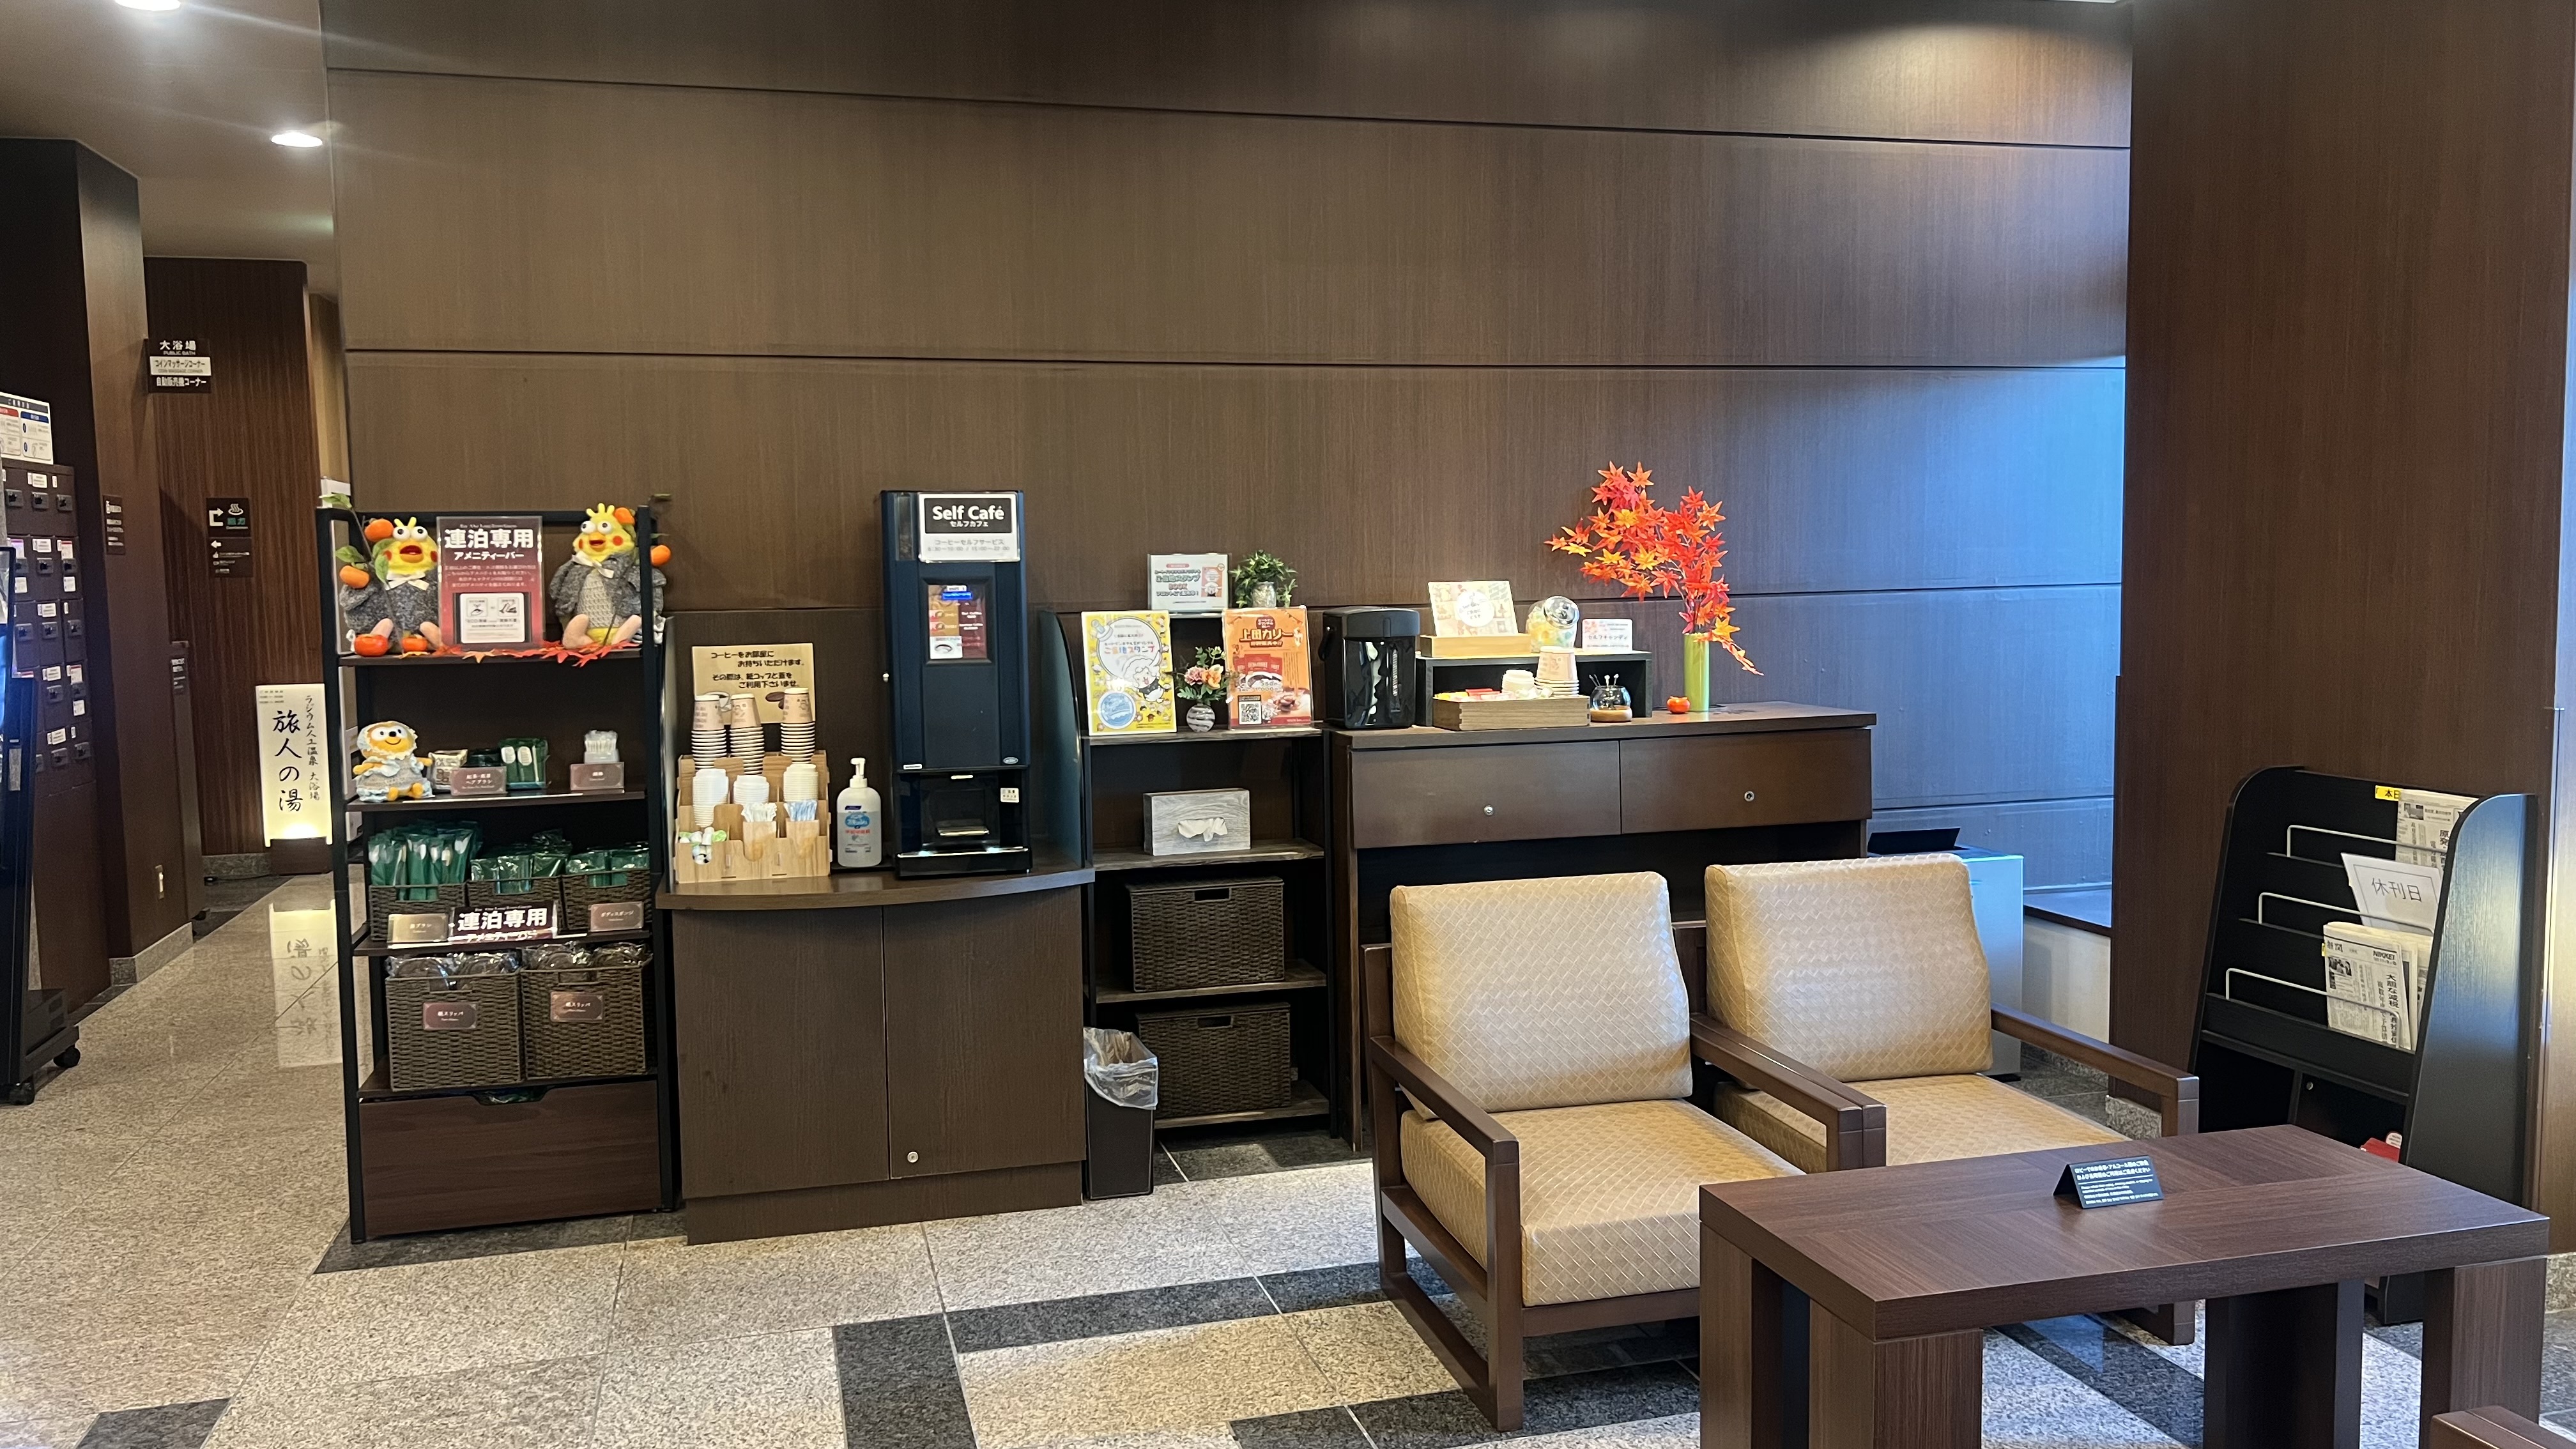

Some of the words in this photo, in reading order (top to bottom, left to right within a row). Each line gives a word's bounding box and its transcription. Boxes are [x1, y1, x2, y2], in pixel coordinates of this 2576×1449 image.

[159, 340, 196, 351] 大浴場
[155, 359, 206, 369] コインマッサージコーナー
[932, 505, 965, 520] Self
[967, 505, 1005, 520] Café
[444, 528, 534, 549] 連泊専用
[454, 551, 525, 561] アメニティーバー
[1239, 628, 1294, 642] 上田カリー
[711, 650, 774, 659] コーヒーをお部屋に
[737, 659, 805, 668] お持ちいただけます。
[305, 695, 318, 766] ラジウム人工温泉
[272, 709, 303, 812] 旅人の湯
[309, 771, 320, 801] 大浴場
[2384, 788, 2400, 800] 本日
[2371, 877, 2422, 903] 休刊日
[457, 907, 548, 931] 連泊専用
[2373, 950, 2395, 960] NIKKEI

_TASK TO COMPLETE_. Write the listing above out again word for word, excluding all images.

_YOUR SOLUTION_.
Some of the words in this photo, in reading order (top to bottom, left to right within a row). Each line gives a word's bounding box and its transcription. Boxes are [x1, y1, x2, y2], in pixel coordinates of this 2576×1449 image.

[159, 340, 196, 351] 大浴場
[155, 359, 206, 369] コインマッサージコーナー
[932, 505, 965, 520] Self
[967, 505, 1005, 520] Café
[444, 528, 534, 549] 連泊専用
[454, 551, 525, 561] アメニティーバー
[1239, 628, 1294, 642] 上田カリー
[711, 650, 774, 659] コーヒーをお部屋に
[737, 659, 805, 668] お持ちいただけます。
[305, 695, 318, 766] ラジウム人工温泉
[272, 709, 303, 812] 旅人の湯
[309, 771, 320, 801] 大浴場
[2384, 788, 2400, 800] 本日
[2371, 877, 2422, 903] 休刊日
[457, 907, 548, 931] 連泊専用
[2373, 950, 2395, 960] NIKKEI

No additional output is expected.